Bane closed the door behind him.

He had a friend at Bellevue he could call about Renshaw. Though it might prove a mistake from a security standpoint, there was no way he could stomach leaving the poor man up there, a captive of his mad delusions. He now knew two of the passengers who had traveled on Flight 22. One had developed psychic powers and the other had gone totally mad. Interesting contrast.

Bane couldn’t wait to learn what else might lie ahead of him. As it turned out, though, there wasn’t much in the next hour and a half. Of the next five names on his list, three were not home, a fourth claimed to have slept through the whole flight, and the wife of a fifth assured Bane that her husband showed no ill or unusual effects from Flight 22, certainly ruling out madness or psychic powers.

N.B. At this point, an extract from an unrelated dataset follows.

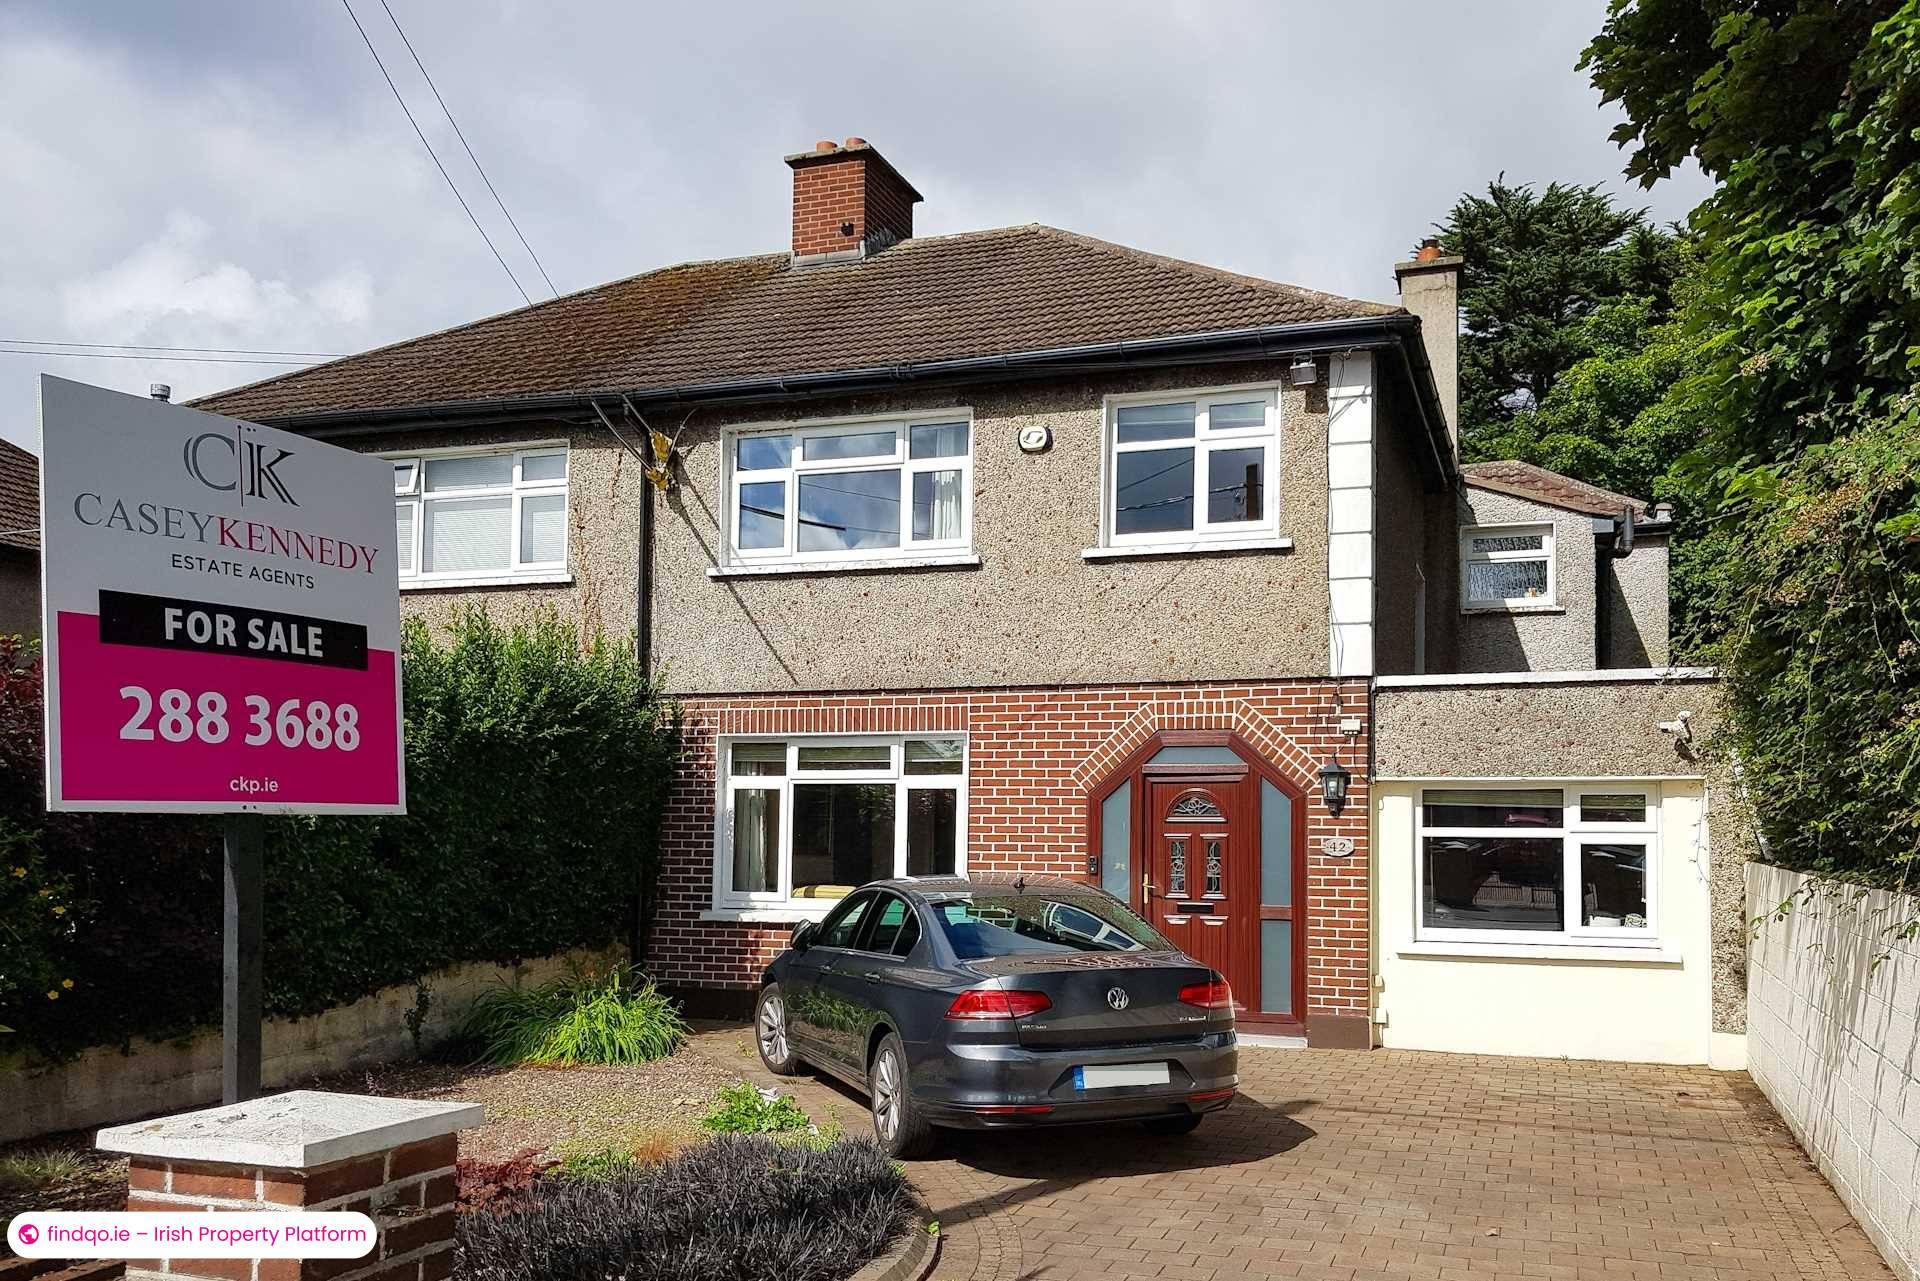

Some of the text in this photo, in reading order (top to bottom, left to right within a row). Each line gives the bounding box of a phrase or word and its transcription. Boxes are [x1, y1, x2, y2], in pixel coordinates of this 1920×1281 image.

Bane then decided to give the COBRA cars following him a treat by leading them into Westchester County. There were seven names on the manifest that resided here and Bane elected to start with a woman named Gladys Baker, a widow from Scarsdale. Mrs. Baker was sixty-four and lived on Carthage Road, surrounded by yards that later in the afternoon would be dominated by children out to challenge the early spring cold. Her house was the simplest on the block, a two-story colonial with a flagstone walk. Strangely, Bane found himself teetering on the slabs, avoiding the grass at all costs. Once again a feeling of discomfort, of intruding, gripped his insides. It reached its peak after he rang the bell, when Gladys Baker opened the door and faced him from the other side of a screen.

“Yes?”

She was a gray-haired woman who looked more than her age. The glasses propped up on her nose were strung to a chain that would allow her to dangle them at her chest.

Bane flashed an ID card that made him a Federal Aviation Administration investigator. “I wonder if I might have a word with you, Mrs. Baker.”

“What about?” she asked nervously.

“It would be easier if we talked inside.”

Gladys Baker checked the I.D. more closely. “Joshua Bane … That sounds like a biblical name.”

“My mother was religious.”

She opened the door for him, her eyes thankful. “I’m so glad you’ve come. You don’t know what a load it is off my mind to see that someone else realized something was wrong with that flight.”

Bane felt his stomach flutter with anticipation.

“That is what you’ve come about, Mr. Bane, isn’t it?”

Bane followed her in and caught the familiar drone of soap opera music. “As a matter of fact, yes.”

“I was just relaxing a bit,” Mrs. Baker told him.

“This won’t take long.”

“Let it take as long as it must. What a release it’ll be to talk about this finally. You’d like a cup of coffee or tea perhaps?”

“Well …”

“Please. It would be my pleasure. I was just about to make some for myself anyway.”

“In that case, thank you very much.”

He moved with her into the kitchen, feeling much more at ease and eager to hear the old woman’s story. She set the water boiling. Bane waited for her to sit down before he took a chair across from her at the kitchen table.

“I’m investigating some complaints we’ve had about the flight you took from San Diego back to New York six days ago,” he said.

Gladys Baker’s face whitened. She tucked her fingers under the table so Bane wouldn’t notice their trembling.

“Thank God,” she sighed, “it wasn’t just me who felt there was something wrong with the flight. But I didn’t say anything. Since my husband passed on I’ve had some … problems. Adjusting and all, you understand. I’ve spent some time in therapy. I have relatives who’d like nothing better than to make it permanent … from my husband’s side, of course. He left me everything, you see. So I couldn’t tell anyone about the flight, I just couldn’t.”

“You can now.”

“And you’ll take what I say in confidence?”